SePre’s F-score was 0.650 with a recall of 0.788 and an excellent precision of 0.553. That is, of the 47 predicted antigenic residues, 26 are true antigenic residues. The straightforward model identified 28 true antigenic residues, with an improved recall of 0.848. Nevertheless, it made a total of 143 positive predictions. Its precision was only at a low level of 0.196, leading to an F-score of 0.318. This F-score was much lower than SePre’s 0.650.
The best performance of the other methods was made by DiscoTope 2.0 which had an F-score of 0.464. DiscoTope 2.0 also correctly identified 26 true antigenic residues (recall = 0.788), but its total of 53 false positive predictions was far greater than SePre’s total of 21, and thus its precision was only 0.329. The F-scores of CBTOPE, ElliPro, and SEPPA 2.0 were 0.292, 0.217 and 0.416, respectively.
Though our clustering algorithm, the predicted antigenic residues were grouped into three candidates for conformational epitopes (Fig. 5(f)). The first one (shown as red and magenta spheres) contains 42 antigenic residues, and the other two contain three (orange) and one (yellow) residues respectively. The largest one was preferentially recommended as a conformational epitope. As five false positive predictions (including the two small clusters and a buried residue) were removed from the recommendation and the 26 true predictions of antigenic residues were kept in the cluster. The prediction performance was further improved by the clustering algorithm.
Discussion: where performance improvements are made in the staged heterogeneity learning model
This section presents the prediction performance by single propensities in the first stage, and describes how the performance is improved when the second stage is added. There are three important factors which can contribute to the excellence of the prediction performance: (i) choosing a good learning method on single propensities, (ii) choosing a good second stage learning method, and (iii) heterogenous learning (results already presented in “Prediction results by straightforward staged learning” section).
The first-stage performance by single propensities
Propensities have been intensively used for epitope identification [1, 3, 25]. Epitopes also have strong preferences on certain propensities even for diversified antigens from different species . In the first stage of our learning method, each propensity makes independent decisions on the probability of a residue being antigenic. Here, we describe the performance demonstrated by the various single propensities through LOOCV.

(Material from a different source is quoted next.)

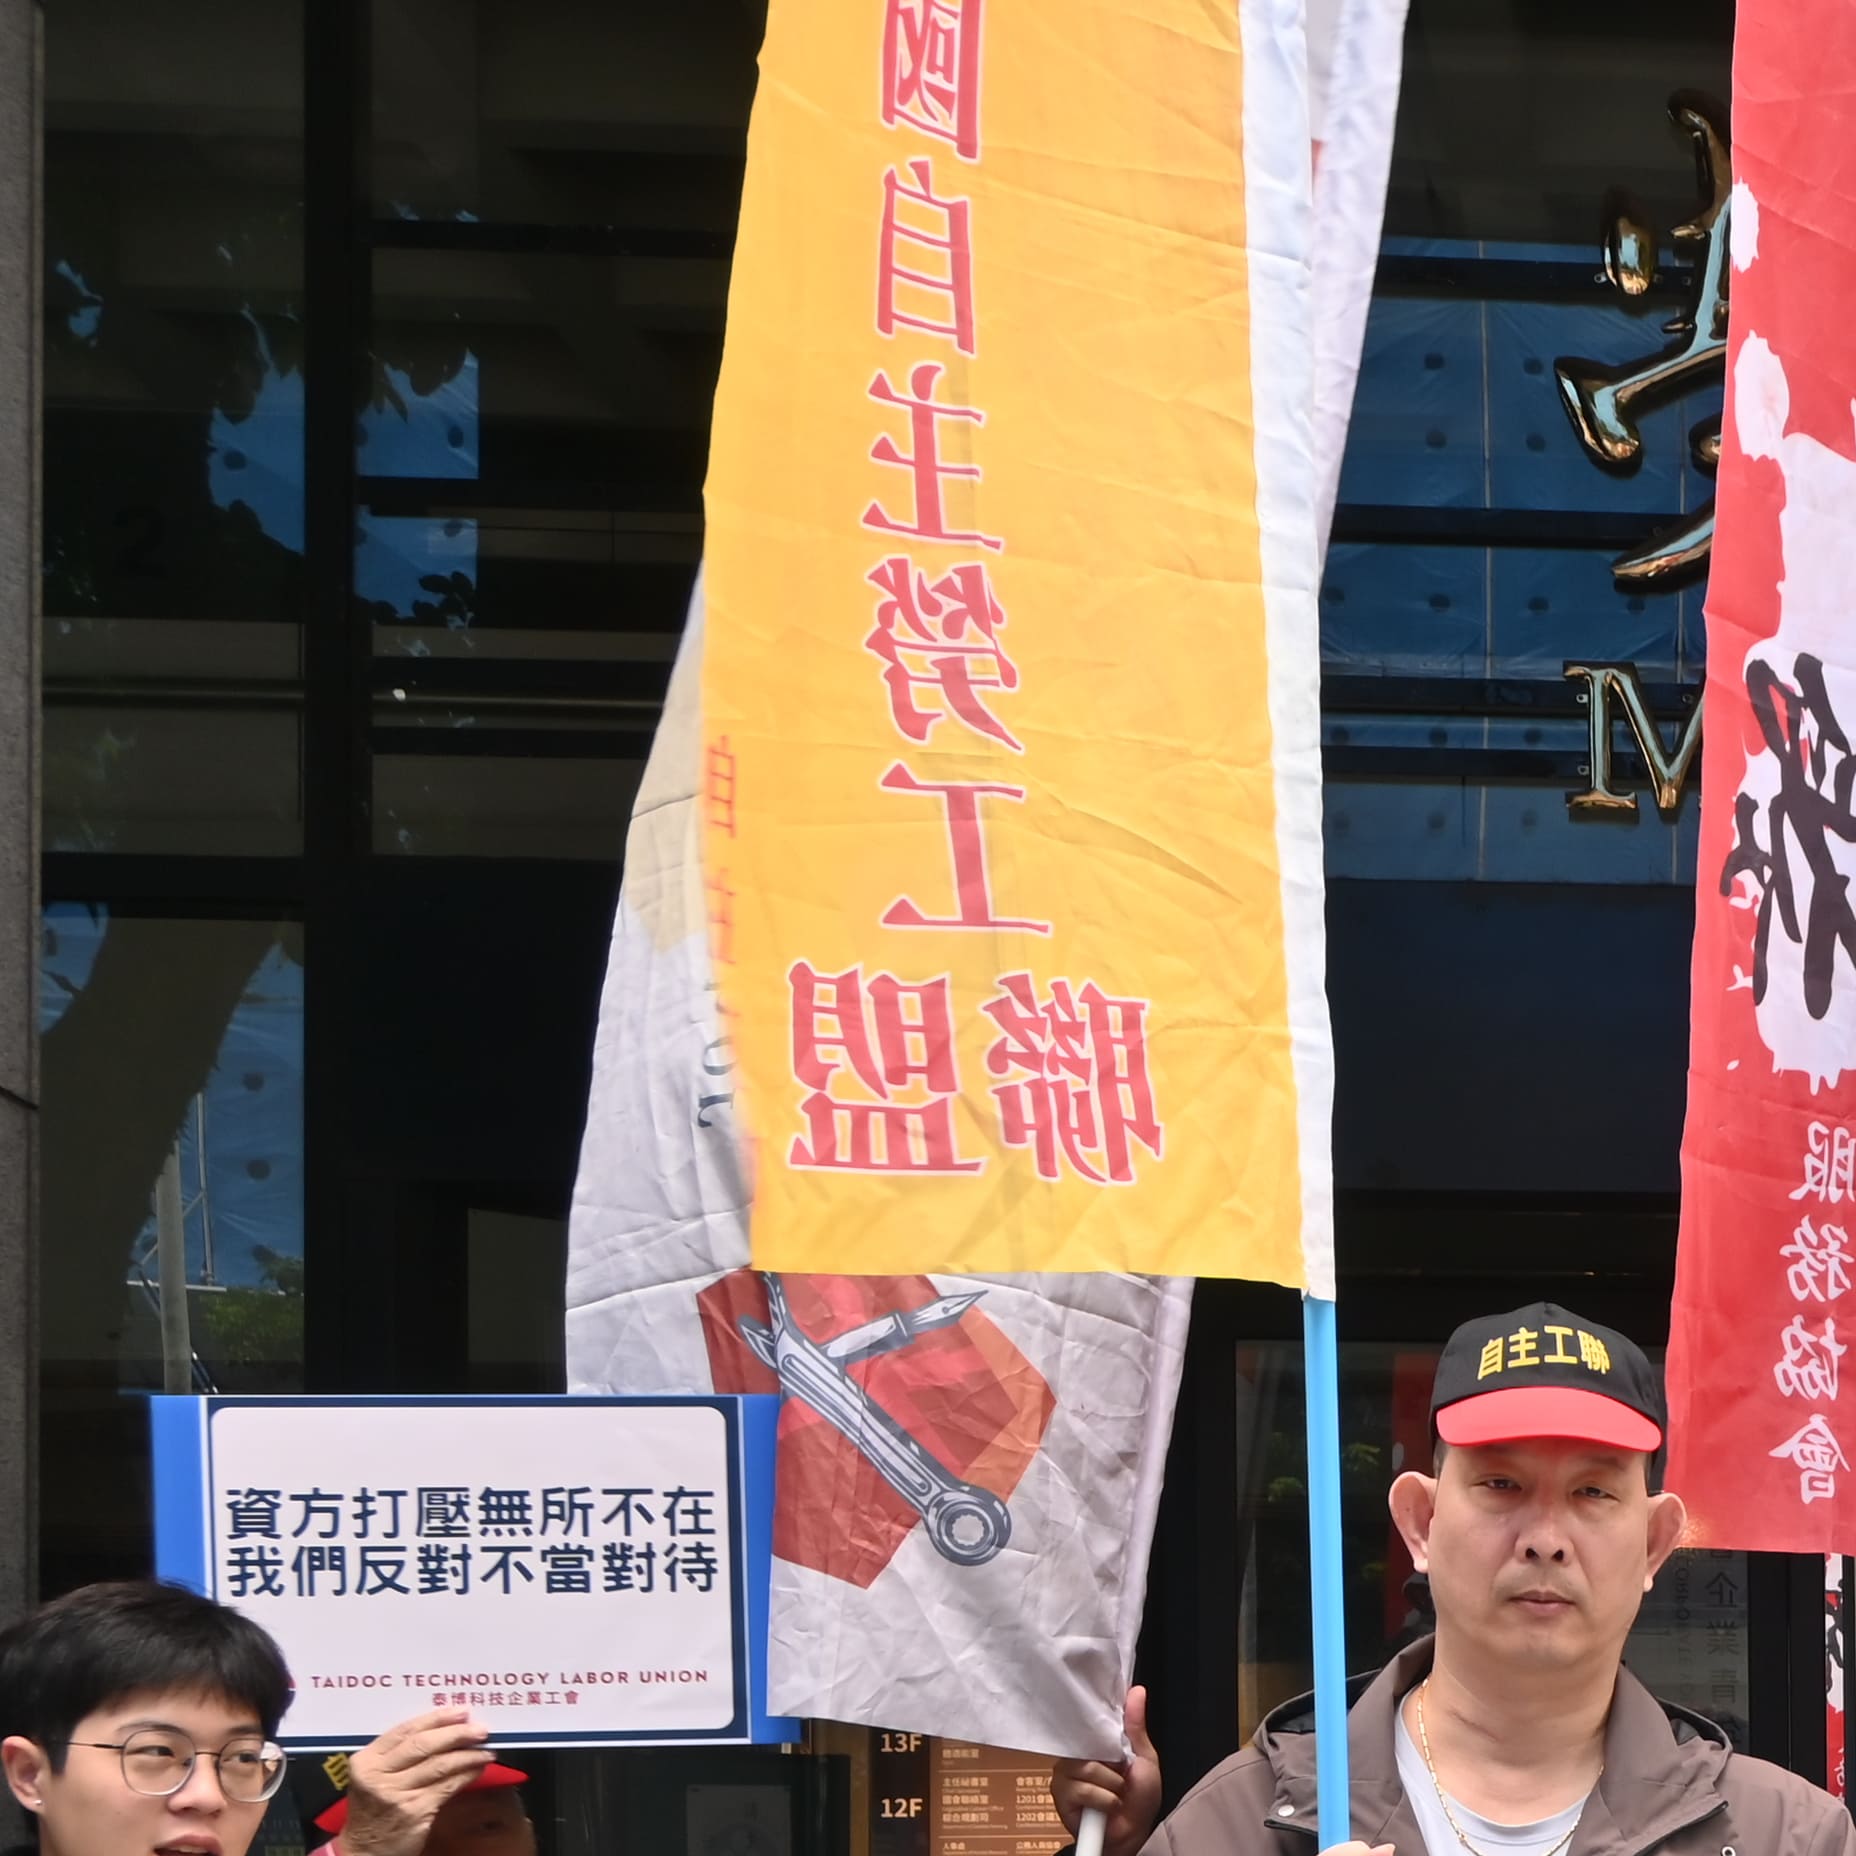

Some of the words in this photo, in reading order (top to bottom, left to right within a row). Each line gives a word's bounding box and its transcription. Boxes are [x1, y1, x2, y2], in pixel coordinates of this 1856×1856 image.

Table 4 summarises prediction performance by single propensity. The predictions were made using a random forest model and an SVM model under a LOOCV process on ‘Train190’. The 205 physico-chemical propensities were assessed separately (P1-P205). It can be seen that the sequence-predicted structural propensities ASA (P206) and secondary structure (P208), and the evolutionary propensity PSSM (P209) had a stable top-ranked predictive capability. By comparison, the static physico-chemical propensity based predictions varied greatly in their performance, especially in the SVM model. Another evolutionary propensity, conservation score (P207), had poor predictive power in both the random forest and SVM models. It is consistent with our previous results on the influenza hemagglutinin : conservation score has a poor performance in identifying antigenic residues. Additionally, 85 antigens in ‘Train190’ have no conservation score information. This presents a significant obstacle for the conservation score based method. Given its poor performance and in-availability, conservation score was excluded from the construction of our learning method. Considering the average F-score on all the 209 propensities, the performance of the random forest model (0.252) was superior to SVM (0.219). Therefore, we selected the random forest approach, with the mtry parameter set as the window size, to train the sub-classifiers.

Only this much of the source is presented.